エルトン・ジョンの人気が絶頂期だった1970年代、熱に浮かされたような生活を送っていた彼は眼鏡デザイナーのデニス・ロバーツに巨大なメガネを特注した。電池式のライトが57個も埋めこまれ、「ELTON」の文字の形をした彫刻のようなメガネにかかった代金は、なんと5000ドル。現在の金額に換算すれば2万5千ドル相当の代物である。ジョンは世間をあっと言わせようとした。これだけでもすごい話だが、それだけではなかった。

彼の“やり過ぎ感”は日常茶飯事だったが、ラインストーンをちりばめ、派手な衣装をまとった古き良きハリウッドを思わせる風貌の魅力が、ジェンダーの境界がなくなりつつある新時代にフィットした。そして羽飾りの下には、長年活動を共にする作詞家バーニー・トーピンと手掛けたジョンの音楽があった。

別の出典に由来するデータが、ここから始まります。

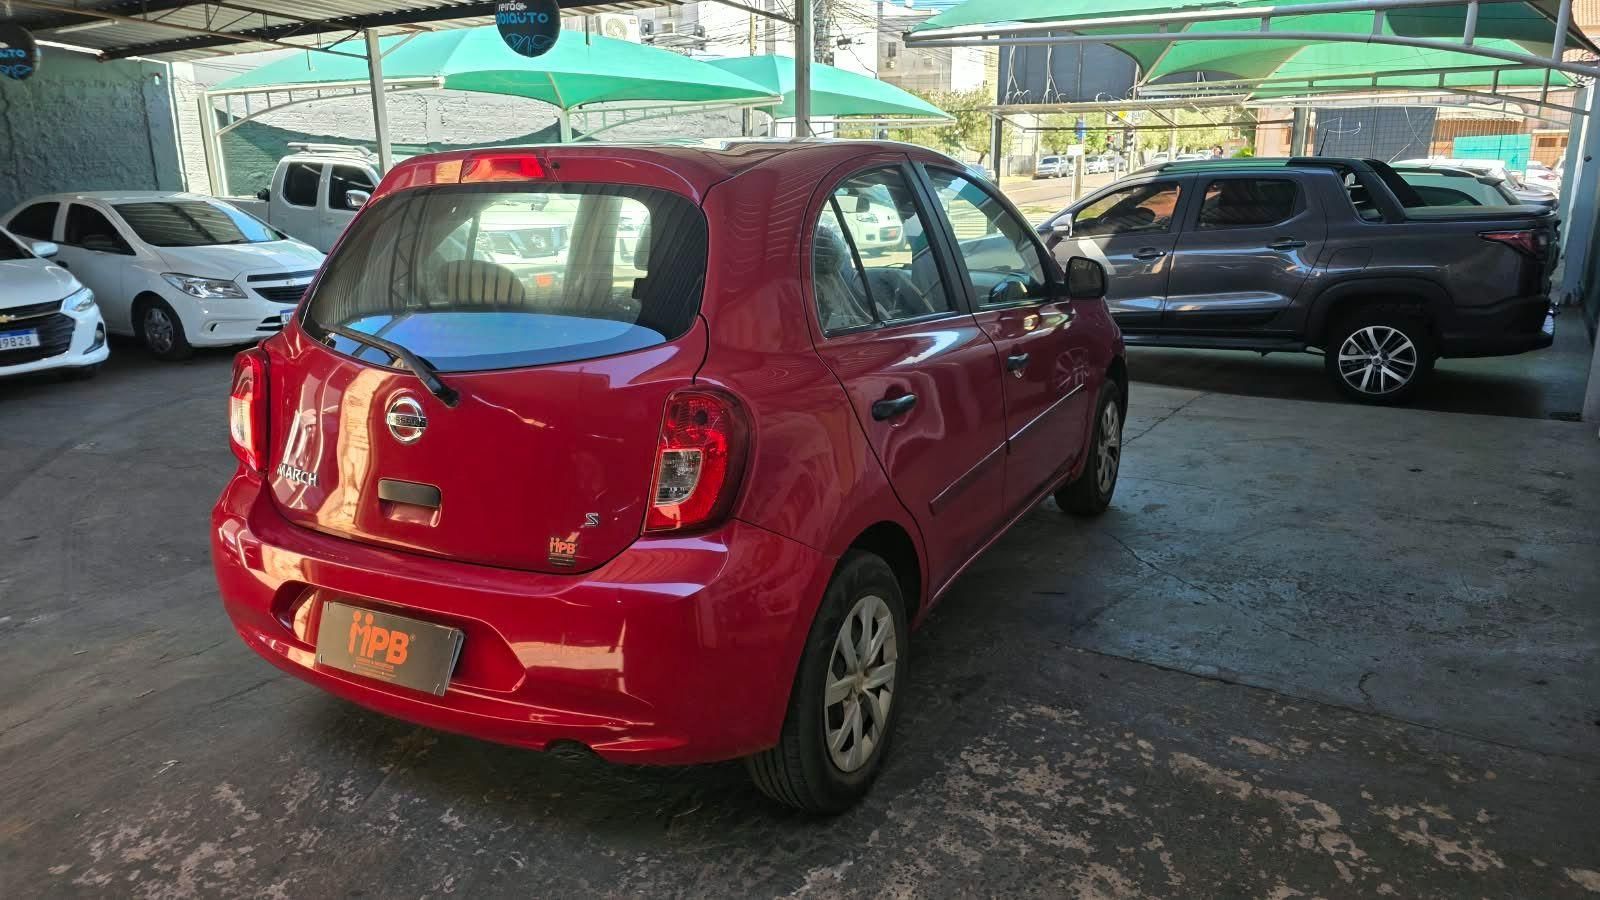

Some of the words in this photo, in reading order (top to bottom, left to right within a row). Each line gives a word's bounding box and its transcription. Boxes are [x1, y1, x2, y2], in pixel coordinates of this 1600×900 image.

[276, 462, 317, 487] MARCH
[584, 512, 600, 527] S
[348, 610, 410, 665] MPB

まっすぐで、気取らず、どんな境遇のリスナーにも寄り添うようなロックンロールが。たとえ歌詞の意味がはっきり分からなくとも(名曲「Tiny Dancer」に登場するダンサーの正体は誰で、どうしてそんなに小さい(=tiny)のか、など)、歌われている感情はダイレクトで普遍的だった。本人いわく、1973年に『Goodbye Yellow Brick Road』をリリースするころには、朝食時に何曲か作り、昼前にはそれらのレコーディングを終えるほどのスピードで曲を書き上げていたという。しょせんポップミュージックなんだから、とジョンは言う。あれこれ頭を悩ませるようなものじゃない、そんなことしたってどうにもならないよと。しかしふたを開けてみれば、彼の曲は50年経った今も歌い継がれているのだ。

1947年、イングランドのピナ―で生まれたエルトン・ジョン(本名Reginald Dwight)は幼くしてピアノを弾き始め、王立音楽院の奨学生として勉学に励む傍ら、ジェリー・リー・ルイスやリトル・リチャードを夢中になって聴いた。ピアノを弾くだけでなく、“ビートを刻む”彼らの動きにジョンは圧倒された。そして15歳からはパブで演奏し始め、20歳を迎えたころに、音楽雑誌のメンバー募集欄で作詞家のトービンと知り合った。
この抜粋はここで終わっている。